> Try it: Give the line containing "this 1600×1067 image." again, exactly, along with all later lines of the entries, through the last one.

> Dataset content:
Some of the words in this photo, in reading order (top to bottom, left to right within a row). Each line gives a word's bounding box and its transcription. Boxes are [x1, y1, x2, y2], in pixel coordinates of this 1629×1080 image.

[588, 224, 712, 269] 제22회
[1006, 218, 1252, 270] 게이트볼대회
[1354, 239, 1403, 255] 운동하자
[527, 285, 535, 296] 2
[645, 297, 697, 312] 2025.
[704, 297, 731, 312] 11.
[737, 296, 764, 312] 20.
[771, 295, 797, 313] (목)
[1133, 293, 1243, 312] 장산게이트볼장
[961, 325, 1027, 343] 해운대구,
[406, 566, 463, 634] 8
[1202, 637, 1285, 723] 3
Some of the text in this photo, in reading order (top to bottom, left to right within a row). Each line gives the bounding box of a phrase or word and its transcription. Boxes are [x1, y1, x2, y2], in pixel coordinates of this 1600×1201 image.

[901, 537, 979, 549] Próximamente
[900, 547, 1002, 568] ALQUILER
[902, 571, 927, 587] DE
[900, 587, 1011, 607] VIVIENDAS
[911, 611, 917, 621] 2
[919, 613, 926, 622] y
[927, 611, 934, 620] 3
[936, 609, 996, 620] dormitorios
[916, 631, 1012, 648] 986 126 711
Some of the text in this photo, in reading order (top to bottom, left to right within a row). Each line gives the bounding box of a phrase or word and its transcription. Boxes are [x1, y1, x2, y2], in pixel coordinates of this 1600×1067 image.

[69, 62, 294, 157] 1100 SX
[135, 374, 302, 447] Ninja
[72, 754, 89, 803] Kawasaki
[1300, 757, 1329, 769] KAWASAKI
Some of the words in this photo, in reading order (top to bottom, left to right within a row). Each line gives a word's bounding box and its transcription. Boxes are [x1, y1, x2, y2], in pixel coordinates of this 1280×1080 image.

> Task response:
Some of the text in this photo, in reading order (top to bottom, left to right within a row). Each line gives the bounding box of a phrase or word and its transcription. Boxes are [x1, y1, x2, y2], in pixel coordinates of this 1600×1067 image.

[69, 62, 294, 157] 1100 SX
[135, 374, 302, 447] Ninja
[72, 754, 89, 803] Kawasaki
[1300, 757, 1329, 769] KAWASAKI
Some of the words in this photo, in reading order (top to bottom, left to right within a row). Each line gives a word's bounding box and its transcription. Boxes are [x1, y1, x2, y2], in pixel coordinates of this 1280×1080 image.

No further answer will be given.